No person shall be deprived of personal liberty except according to procedures established by law:’


Article 12 deals with a fair trial. Article 12 (1) (a) reads as follows:

In the determining of their civil rights and obligations or any criminal charges against them, all persons shall be entitled to a fair and public hearing by an independent, impartial and competent court or Tribunal established by law…’


Article 12(1) (d) provides that:

All persons charged with an offence shall be presumed innocent until proven guilty according to law after having had the opportunity of calling witnesses and cross-examining those called against them.’
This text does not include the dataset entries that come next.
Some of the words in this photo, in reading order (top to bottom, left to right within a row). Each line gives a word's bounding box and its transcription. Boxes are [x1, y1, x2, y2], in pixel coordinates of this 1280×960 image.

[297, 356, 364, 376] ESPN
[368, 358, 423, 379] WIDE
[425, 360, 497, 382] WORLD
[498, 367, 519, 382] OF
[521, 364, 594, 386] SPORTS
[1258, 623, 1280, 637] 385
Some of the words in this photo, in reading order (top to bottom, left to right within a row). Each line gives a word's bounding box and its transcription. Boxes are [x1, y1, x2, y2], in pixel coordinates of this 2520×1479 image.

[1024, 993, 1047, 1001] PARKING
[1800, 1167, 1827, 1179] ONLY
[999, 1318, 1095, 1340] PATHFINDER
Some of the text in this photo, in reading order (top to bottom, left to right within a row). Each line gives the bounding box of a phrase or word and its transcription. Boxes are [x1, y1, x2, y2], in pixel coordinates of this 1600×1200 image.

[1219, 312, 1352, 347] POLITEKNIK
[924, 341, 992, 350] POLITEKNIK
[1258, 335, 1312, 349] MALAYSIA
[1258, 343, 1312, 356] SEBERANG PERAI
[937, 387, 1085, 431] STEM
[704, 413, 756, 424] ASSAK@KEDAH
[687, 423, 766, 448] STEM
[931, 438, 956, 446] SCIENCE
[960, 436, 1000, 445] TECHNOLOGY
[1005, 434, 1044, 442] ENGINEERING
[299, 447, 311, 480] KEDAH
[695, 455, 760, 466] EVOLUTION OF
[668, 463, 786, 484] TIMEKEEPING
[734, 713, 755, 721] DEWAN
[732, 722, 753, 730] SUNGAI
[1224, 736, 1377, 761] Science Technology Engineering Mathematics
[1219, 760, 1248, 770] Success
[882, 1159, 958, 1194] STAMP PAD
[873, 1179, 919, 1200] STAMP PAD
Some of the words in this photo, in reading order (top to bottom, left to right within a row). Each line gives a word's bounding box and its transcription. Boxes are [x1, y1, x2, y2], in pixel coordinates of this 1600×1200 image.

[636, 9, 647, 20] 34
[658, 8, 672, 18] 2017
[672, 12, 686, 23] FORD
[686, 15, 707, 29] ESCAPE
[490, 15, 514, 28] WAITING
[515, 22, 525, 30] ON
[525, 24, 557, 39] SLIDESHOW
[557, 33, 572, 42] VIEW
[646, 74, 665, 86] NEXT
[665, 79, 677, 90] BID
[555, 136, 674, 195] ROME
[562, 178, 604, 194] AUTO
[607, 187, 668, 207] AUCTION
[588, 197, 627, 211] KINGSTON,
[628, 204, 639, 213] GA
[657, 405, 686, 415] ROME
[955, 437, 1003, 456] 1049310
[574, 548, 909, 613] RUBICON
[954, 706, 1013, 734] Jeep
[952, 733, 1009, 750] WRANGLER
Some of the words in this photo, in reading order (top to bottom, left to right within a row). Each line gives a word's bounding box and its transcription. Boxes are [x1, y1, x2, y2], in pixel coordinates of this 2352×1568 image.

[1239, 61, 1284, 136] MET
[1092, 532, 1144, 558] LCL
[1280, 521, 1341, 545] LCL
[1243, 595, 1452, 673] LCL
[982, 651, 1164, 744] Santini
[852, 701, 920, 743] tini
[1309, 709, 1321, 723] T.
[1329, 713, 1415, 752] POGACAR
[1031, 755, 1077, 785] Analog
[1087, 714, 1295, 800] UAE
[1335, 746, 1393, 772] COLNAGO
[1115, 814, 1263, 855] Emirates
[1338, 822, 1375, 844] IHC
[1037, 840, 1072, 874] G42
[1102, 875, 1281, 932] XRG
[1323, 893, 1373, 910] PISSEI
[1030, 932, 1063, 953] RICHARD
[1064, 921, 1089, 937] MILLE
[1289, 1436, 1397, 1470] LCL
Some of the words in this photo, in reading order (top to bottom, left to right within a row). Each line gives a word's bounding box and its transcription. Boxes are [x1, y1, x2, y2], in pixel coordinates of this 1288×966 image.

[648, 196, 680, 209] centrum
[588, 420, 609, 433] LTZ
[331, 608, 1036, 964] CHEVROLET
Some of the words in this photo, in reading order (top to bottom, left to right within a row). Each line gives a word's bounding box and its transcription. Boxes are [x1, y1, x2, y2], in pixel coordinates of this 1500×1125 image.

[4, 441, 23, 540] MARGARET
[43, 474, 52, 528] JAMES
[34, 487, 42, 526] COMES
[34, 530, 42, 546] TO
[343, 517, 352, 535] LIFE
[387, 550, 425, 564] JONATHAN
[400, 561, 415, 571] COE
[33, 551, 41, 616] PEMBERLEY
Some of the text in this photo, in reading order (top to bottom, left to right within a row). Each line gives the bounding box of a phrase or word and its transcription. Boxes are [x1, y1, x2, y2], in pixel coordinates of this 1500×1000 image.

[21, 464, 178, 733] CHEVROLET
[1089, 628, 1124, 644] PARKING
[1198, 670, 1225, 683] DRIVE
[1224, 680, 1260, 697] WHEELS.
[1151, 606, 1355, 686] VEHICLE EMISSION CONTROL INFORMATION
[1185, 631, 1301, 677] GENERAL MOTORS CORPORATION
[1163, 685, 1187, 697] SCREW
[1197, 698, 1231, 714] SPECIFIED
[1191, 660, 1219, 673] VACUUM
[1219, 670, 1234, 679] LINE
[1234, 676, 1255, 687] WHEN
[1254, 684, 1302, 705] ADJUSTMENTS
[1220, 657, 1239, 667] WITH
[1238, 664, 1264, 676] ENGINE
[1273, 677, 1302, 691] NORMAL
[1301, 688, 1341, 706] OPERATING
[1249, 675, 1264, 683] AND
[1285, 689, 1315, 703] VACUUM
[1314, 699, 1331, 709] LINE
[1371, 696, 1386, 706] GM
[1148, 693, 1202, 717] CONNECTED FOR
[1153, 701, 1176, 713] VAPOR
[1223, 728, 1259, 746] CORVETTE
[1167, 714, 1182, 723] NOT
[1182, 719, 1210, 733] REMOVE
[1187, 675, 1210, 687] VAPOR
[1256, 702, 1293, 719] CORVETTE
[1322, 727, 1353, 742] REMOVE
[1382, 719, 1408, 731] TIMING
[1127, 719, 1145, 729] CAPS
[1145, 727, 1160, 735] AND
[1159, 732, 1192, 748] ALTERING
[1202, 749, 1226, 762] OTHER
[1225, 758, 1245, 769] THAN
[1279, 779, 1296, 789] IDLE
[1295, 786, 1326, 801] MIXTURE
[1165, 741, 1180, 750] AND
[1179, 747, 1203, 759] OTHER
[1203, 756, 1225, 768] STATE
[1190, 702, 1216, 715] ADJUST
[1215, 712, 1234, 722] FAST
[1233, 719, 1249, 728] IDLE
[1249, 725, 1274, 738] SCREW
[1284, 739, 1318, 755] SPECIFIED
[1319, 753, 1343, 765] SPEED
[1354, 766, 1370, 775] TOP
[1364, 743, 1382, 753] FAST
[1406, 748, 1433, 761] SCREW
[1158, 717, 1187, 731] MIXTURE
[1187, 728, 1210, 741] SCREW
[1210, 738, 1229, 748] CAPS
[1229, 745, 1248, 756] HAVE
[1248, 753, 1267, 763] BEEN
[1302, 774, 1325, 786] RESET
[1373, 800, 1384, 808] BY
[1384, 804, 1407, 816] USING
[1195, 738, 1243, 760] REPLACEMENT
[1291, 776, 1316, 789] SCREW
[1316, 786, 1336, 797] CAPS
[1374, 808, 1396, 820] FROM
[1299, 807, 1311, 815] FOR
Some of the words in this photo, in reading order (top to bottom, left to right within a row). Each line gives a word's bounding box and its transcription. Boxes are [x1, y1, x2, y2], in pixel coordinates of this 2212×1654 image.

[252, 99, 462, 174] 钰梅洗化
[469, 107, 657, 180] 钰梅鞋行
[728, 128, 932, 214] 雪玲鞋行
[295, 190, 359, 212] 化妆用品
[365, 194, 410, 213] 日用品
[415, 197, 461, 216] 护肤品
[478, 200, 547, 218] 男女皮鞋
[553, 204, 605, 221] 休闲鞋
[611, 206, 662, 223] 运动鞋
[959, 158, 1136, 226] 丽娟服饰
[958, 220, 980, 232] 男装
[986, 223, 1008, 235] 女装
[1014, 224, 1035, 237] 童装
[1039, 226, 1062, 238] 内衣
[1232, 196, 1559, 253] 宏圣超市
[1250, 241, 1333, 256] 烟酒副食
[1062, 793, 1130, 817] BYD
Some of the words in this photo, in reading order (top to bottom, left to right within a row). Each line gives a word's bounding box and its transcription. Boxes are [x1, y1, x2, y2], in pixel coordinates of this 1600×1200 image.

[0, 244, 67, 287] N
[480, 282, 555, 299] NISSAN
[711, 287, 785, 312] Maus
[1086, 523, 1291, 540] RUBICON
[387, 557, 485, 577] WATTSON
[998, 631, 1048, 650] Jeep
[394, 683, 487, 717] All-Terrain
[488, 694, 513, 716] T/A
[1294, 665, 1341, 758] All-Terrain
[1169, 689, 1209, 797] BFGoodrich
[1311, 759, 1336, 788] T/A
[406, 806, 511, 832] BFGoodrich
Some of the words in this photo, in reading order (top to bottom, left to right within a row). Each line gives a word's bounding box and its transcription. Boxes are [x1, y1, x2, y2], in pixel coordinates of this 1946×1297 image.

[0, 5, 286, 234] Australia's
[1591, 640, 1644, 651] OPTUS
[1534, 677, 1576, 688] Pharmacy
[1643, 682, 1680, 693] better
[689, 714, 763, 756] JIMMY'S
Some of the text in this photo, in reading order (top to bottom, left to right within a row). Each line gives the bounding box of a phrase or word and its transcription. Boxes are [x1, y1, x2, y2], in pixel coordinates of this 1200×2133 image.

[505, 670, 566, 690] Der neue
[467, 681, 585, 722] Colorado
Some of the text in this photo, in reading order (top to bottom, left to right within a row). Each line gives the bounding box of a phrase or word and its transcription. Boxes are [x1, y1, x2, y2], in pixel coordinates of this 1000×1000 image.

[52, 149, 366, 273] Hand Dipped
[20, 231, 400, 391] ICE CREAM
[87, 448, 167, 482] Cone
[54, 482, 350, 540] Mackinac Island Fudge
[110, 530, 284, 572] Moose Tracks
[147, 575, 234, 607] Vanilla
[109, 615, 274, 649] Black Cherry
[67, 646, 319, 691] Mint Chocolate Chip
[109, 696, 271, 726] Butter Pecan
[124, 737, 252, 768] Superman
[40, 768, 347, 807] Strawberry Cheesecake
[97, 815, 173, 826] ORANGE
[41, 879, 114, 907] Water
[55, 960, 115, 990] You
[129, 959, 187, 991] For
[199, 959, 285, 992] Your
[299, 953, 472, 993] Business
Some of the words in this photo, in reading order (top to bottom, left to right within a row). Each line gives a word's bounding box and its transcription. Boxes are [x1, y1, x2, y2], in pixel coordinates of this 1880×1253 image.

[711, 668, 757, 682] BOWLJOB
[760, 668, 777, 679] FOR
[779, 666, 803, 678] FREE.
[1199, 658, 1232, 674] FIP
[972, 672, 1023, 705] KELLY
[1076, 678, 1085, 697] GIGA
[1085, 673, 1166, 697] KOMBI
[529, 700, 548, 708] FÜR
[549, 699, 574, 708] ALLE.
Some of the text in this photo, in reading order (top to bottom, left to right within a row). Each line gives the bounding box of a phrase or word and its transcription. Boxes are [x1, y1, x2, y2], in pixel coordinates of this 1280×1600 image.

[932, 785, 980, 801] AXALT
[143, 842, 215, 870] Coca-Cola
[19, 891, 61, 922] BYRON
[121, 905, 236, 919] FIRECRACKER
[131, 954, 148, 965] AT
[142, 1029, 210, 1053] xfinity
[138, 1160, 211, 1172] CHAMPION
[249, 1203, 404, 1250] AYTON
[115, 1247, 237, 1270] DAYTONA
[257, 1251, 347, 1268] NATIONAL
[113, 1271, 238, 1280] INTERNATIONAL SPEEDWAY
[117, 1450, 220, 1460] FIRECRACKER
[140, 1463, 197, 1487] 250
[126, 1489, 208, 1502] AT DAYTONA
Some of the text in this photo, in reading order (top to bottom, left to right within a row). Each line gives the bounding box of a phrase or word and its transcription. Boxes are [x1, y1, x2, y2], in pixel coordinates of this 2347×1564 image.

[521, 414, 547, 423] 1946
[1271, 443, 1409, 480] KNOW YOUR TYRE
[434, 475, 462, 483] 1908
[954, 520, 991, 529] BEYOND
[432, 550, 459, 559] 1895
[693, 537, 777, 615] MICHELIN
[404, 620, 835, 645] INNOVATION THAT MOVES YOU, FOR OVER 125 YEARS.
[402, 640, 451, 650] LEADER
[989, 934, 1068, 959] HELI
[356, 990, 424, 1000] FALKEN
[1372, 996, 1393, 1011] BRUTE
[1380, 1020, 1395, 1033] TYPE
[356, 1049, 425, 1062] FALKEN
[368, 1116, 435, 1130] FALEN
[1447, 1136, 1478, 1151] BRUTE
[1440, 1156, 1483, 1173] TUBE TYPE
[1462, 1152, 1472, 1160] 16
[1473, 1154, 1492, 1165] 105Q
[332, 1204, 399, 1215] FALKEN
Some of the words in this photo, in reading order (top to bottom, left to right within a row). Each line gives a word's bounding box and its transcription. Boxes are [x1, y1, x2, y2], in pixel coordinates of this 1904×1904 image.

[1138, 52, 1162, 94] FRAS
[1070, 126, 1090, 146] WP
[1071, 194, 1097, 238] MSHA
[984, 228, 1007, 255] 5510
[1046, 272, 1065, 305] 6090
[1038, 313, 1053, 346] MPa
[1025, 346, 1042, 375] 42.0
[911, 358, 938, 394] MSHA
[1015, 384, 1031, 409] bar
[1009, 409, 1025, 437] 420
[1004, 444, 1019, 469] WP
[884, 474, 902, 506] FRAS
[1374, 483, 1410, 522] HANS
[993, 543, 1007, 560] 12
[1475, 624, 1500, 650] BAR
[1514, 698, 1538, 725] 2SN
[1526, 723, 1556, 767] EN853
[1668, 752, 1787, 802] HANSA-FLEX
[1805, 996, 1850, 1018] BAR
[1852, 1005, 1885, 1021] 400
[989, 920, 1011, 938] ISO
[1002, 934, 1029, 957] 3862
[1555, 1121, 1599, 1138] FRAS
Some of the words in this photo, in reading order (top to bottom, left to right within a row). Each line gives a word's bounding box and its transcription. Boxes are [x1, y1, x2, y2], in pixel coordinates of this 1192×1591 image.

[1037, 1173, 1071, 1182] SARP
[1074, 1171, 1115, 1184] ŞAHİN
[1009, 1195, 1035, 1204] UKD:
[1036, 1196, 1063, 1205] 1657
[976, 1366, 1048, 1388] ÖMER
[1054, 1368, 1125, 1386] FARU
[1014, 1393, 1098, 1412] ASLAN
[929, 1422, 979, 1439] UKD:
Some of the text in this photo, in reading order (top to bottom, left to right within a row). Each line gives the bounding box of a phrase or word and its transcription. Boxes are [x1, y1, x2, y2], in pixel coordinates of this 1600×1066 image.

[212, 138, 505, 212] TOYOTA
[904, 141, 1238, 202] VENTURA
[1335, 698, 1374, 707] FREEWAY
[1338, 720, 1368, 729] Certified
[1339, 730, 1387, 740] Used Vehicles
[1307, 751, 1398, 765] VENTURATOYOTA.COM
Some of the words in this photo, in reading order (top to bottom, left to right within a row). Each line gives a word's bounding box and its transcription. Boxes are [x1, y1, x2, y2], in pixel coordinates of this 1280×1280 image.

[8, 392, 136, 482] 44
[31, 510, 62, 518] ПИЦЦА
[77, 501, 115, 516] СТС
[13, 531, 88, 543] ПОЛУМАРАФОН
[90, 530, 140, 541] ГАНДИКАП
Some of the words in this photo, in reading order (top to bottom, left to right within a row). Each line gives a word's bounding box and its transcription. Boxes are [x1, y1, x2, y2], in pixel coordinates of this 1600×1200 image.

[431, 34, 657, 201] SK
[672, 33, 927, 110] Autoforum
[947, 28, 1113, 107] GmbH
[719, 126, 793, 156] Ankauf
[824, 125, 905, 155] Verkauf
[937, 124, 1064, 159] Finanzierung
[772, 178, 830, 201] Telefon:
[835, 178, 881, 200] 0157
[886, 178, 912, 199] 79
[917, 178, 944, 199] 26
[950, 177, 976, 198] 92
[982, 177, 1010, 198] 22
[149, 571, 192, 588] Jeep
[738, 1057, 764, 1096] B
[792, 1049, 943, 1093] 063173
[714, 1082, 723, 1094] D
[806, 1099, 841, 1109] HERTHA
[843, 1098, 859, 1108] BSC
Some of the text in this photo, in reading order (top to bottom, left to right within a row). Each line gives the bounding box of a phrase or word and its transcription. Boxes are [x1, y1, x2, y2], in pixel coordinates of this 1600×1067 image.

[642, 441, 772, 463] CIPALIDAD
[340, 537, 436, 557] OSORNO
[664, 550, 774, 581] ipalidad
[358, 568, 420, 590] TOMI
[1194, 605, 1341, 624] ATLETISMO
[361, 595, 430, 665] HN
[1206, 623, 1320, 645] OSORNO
O’Linn J in Albert Ronny du Plessis and Another v The State, unreported judgment of this court delivered on 15 May 1992, cautioned against the selective emphasis placed by accused persons and their legal representatives on certain sections of the Namibian Constitution and certain fundamental rights such as ‘the liberty of the subject, a fair trial and the principle that an accused person is regarded innocent until proven guilty’ and stated that although these are very important fundamental rights, they are not absolute but circumscribed and subject to exceptions.


[25] He further stated as follows:

The particular right relied on must be read in context with other provisions of the constitution which provide for the protection of the fundamental rights of all the citizens or subjects, provide for the responsibilities of subjects, provides for the maintenance of law and order, for the protection of the very constitution in which the rights are entrenched and for the survival of a free, democratic and civilised state.’ (Para [13])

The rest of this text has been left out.